Of course, sometimes Jesus simply shows up.  Today, it would be through a miracle – but 2000 years ago, Jesus could physically walk into town and manifest His power, which is exactly what our text shows us.  After the Sermon on the Plain came to a close, Jesus continued His Galilean ministry, and as Luke (and the other gospel writers) has shown us, this often included supernatural healings.  The Bible doesn’t narrate every single healing Jesus performed, although it does give us a good sampling.  And the events it does present to us are presented for a reason: to bring us to faith in the One who heals.  If Jesus can heal the sick – if Jesus can raise the dead – surely Jesus can take care of our deepest eternal needs by healing us of our sin & granting us everlasting life.  He has the authority to do so, thus we need to have faith in the authoritative Jesus.  We need to have faith in the Healer.

Luke 7:1–17

  • Healing #1: the Centurion’s slave

1 Now when He concluded all His sayings in the hearing of the people, He entered Capernaum.

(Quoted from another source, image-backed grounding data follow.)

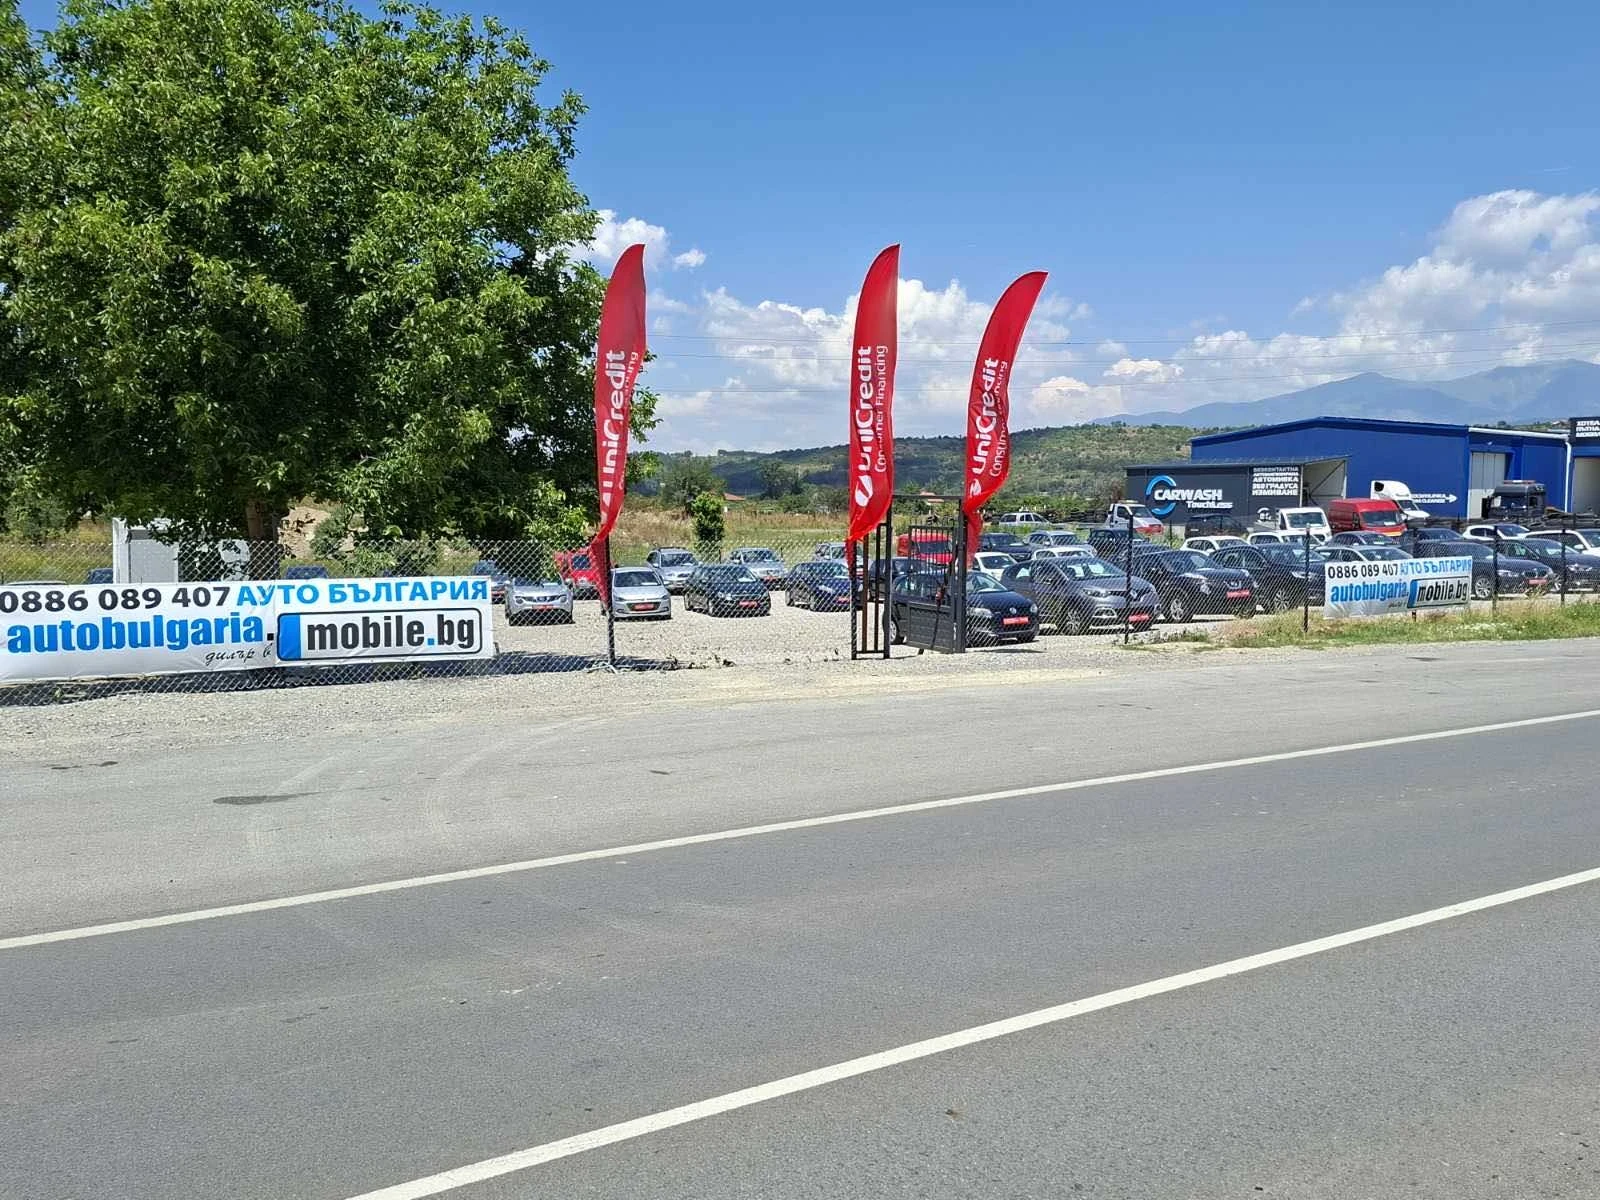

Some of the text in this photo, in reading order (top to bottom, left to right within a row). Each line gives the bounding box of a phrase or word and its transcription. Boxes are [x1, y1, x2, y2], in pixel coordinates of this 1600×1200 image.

[972, 357, 999, 475] UniCredit
[1154, 489, 1223, 501] CARWASH
[1327, 563, 1358, 578] 0886
[1360, 563, 1380, 576] 089
[1382, 563, 1399, 576] 407
[0, 581, 488, 613] 0886 089 407 АУТО БЪЛГАРИЯ
[1417, 578, 1468, 602] mobile.bg
[307, 614, 474, 650] mobile.bg
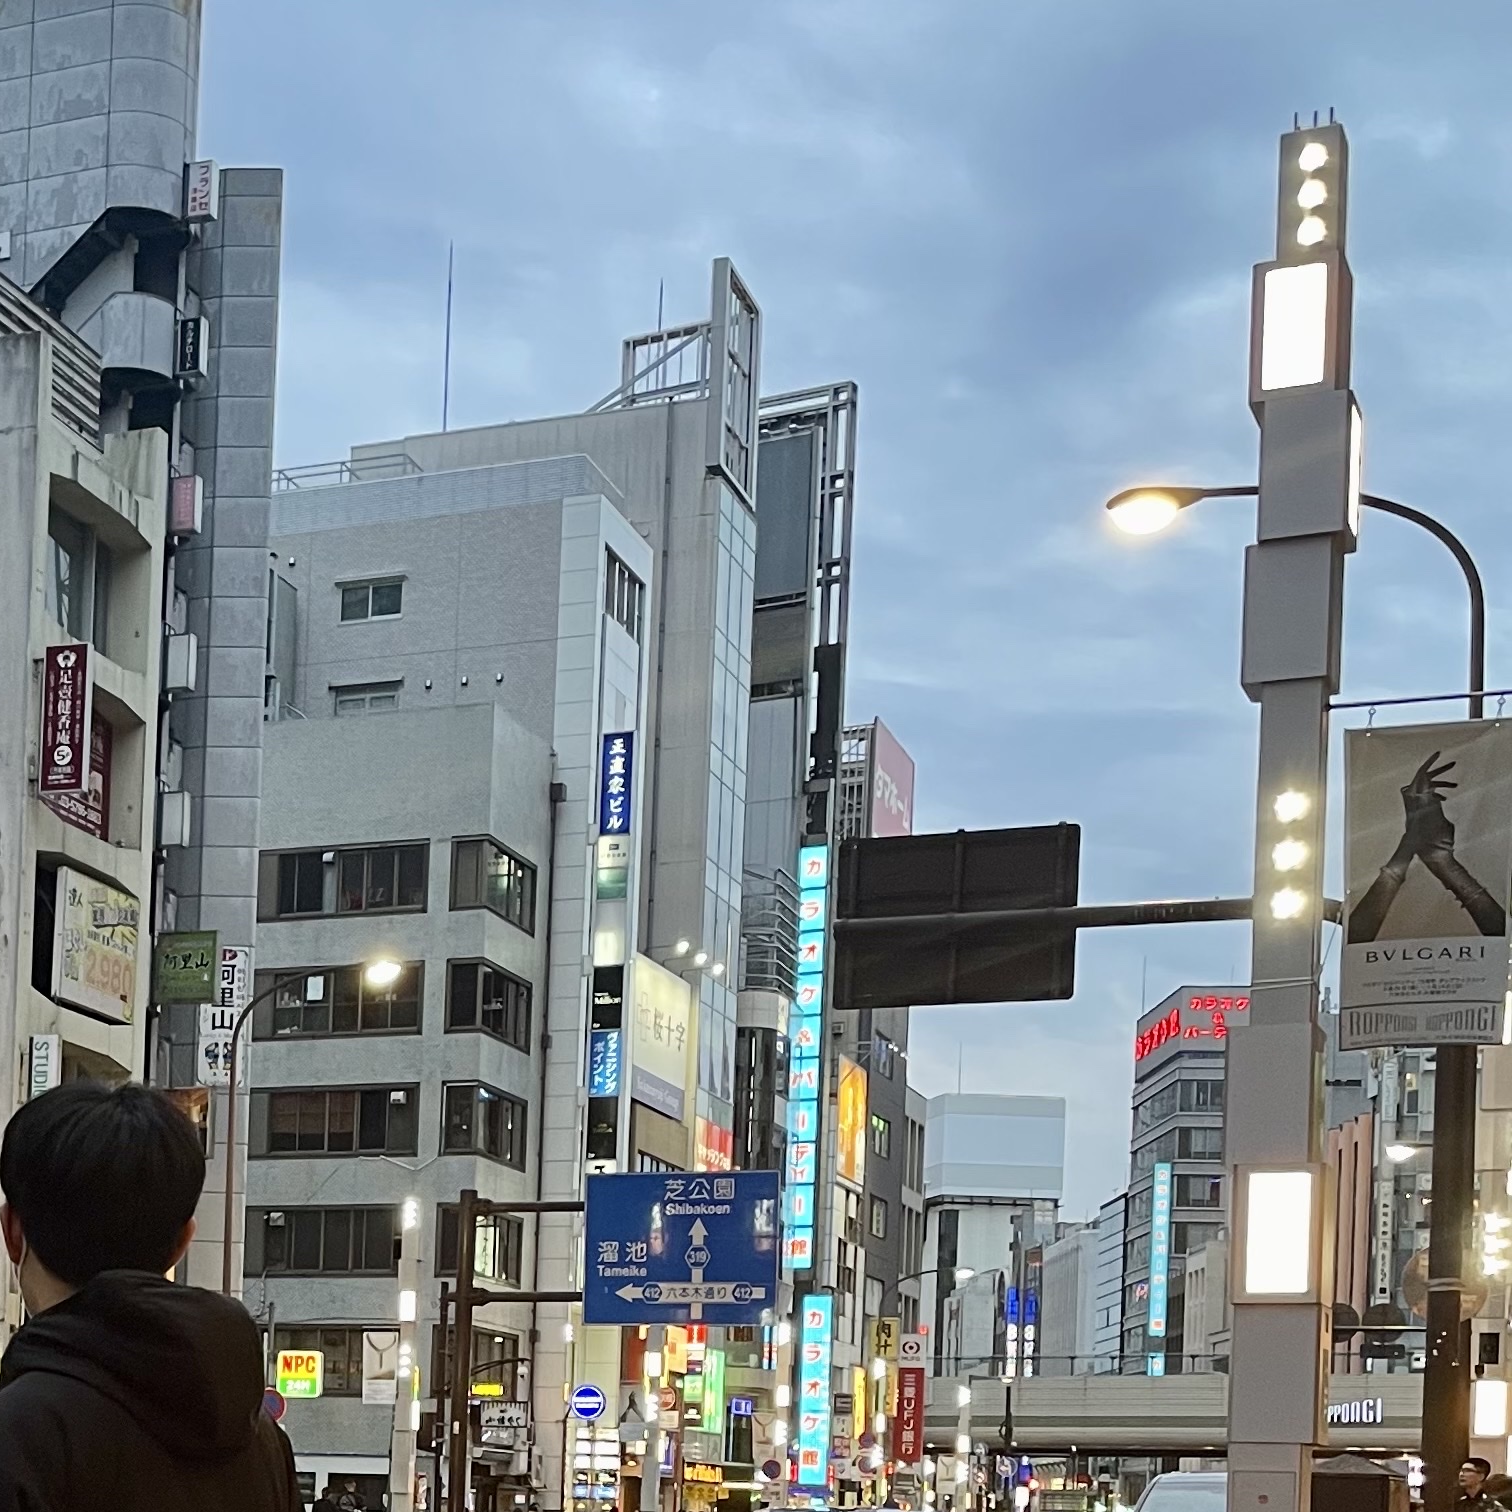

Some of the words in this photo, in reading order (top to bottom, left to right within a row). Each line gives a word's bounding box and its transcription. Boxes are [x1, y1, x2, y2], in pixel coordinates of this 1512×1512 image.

[164, 951, 210, 970] 阿里山
[1366, 946, 1485, 963] BVLGARI
[664, 1178, 735, 1201] 芝公園
[665, 1203, 731, 1216] Shibakoen
[597, 1241, 647, 1263] 溜池
[688, 1251, 707, 1263] 319
[597, 1265, 647, 1277] Tameike
[644, 1288, 662, 1299] 412
[665, 1287, 727, 1299] 六本木通り
[734, 1288, 752, 1299] 412
[282, 1355, 316, 1373] NPC
[802, 1311, 823, 1466] カラオケ館
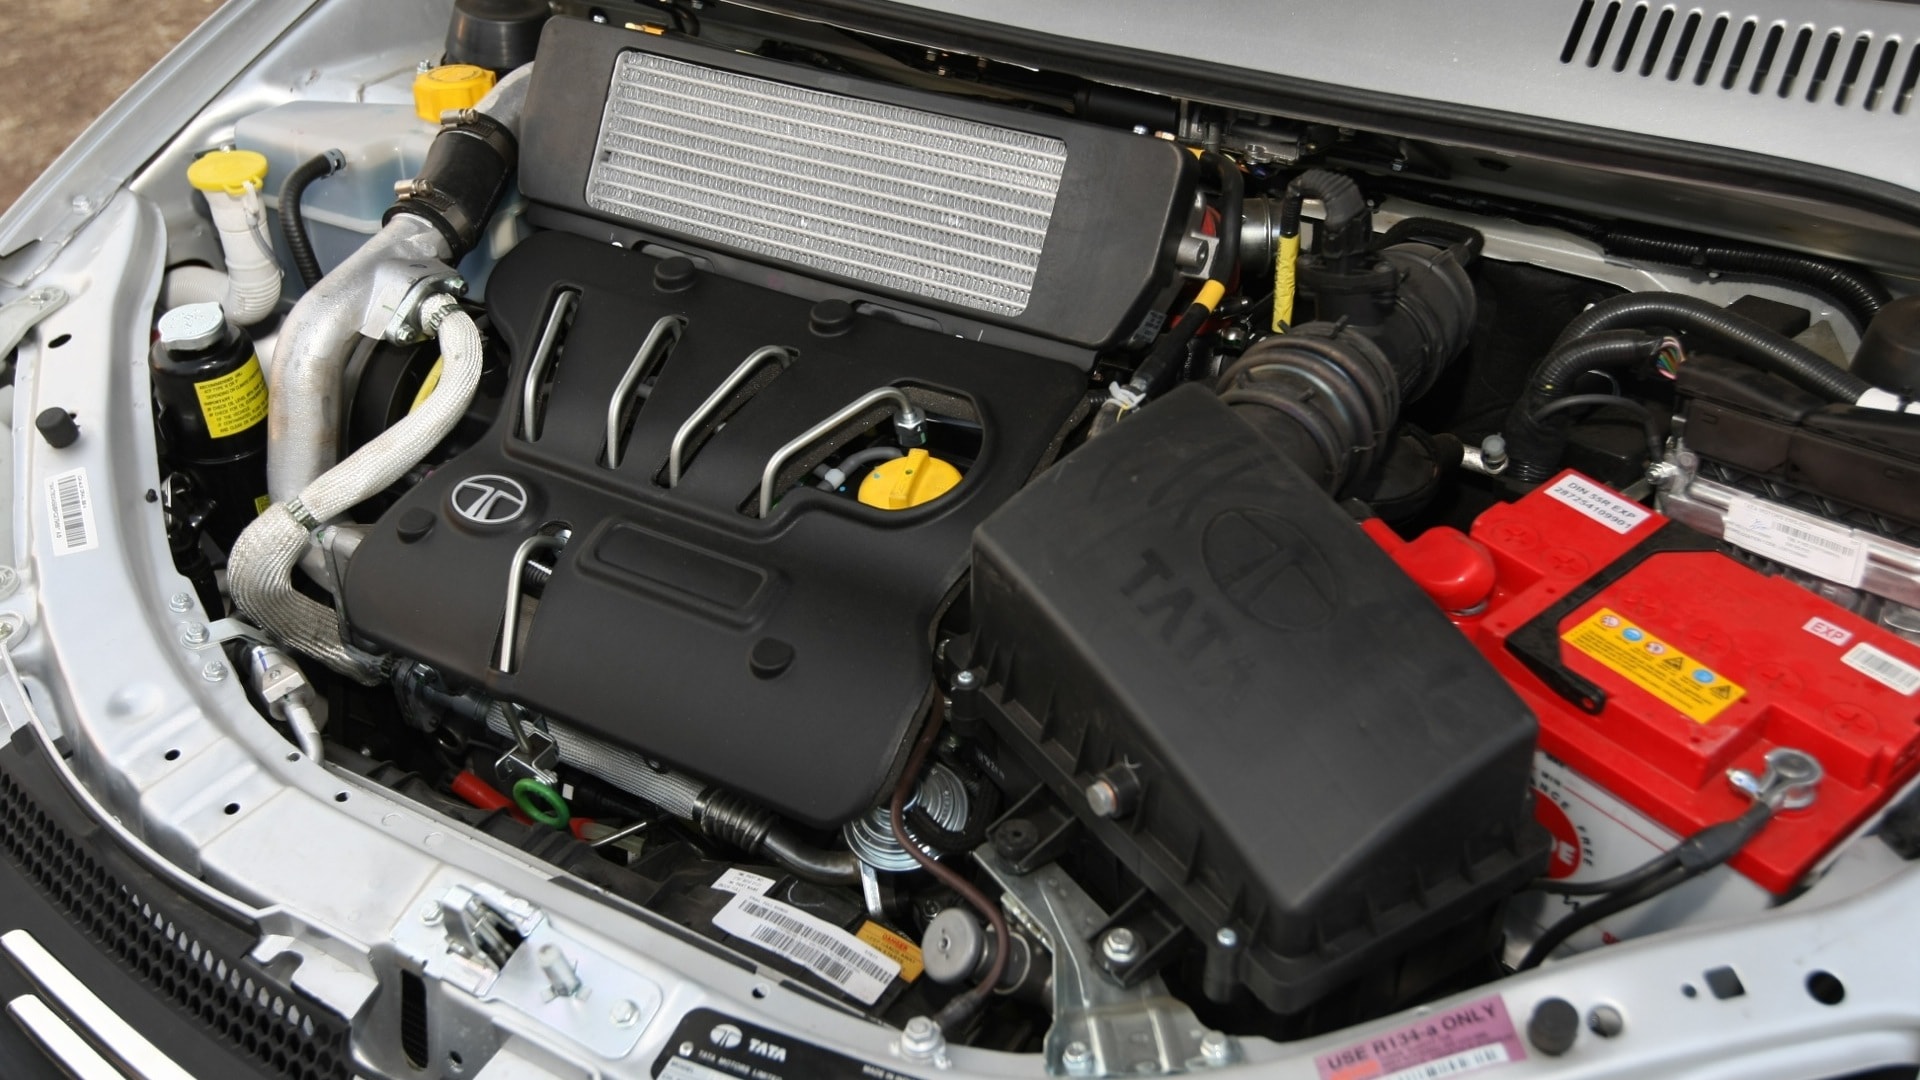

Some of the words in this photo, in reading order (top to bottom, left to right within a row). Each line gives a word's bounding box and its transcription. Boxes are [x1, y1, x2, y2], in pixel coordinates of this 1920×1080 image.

  • Although Luke doesn’t always provide specific timestamps in his writing, he does make the general timeframe clear in this case.  “All His sayings” is a plain reference to the sermon in Chapter 6, and although scholars debate whether or not the Sermon on the Mount is the same thing as the Sermon on the Plain, the basic idea is that the message was done & Jesus was moving on.  Obviously Jesus never stopped all of His teaching (He did it everywhere!), but that specific teaching came to a close and “He entered Capernaum.
  • Where was Capernaum?  It was a large town on the northern shore of the Sea of Galilee.  Recall that this was Jesus’ primary base of ministry whenever He was in the region – it seemed to have been His adopted home (outside of Nazareth).  Already, Jesus had developed quite a reputation in the town by casting out demons (4:31-37), performing healings of various illnesses (4:38-41), and providing all kinds of teaching.  It’s no wonder that both Jews and Gentiles began to seek Him out in their times of need.

2 And a certain centurion’s servant, who was dear to him, was sick and ready to die. 3 So when he heard about Jesus, he sent elders of the Jews to Him, pleading with Him to come and heal his servant.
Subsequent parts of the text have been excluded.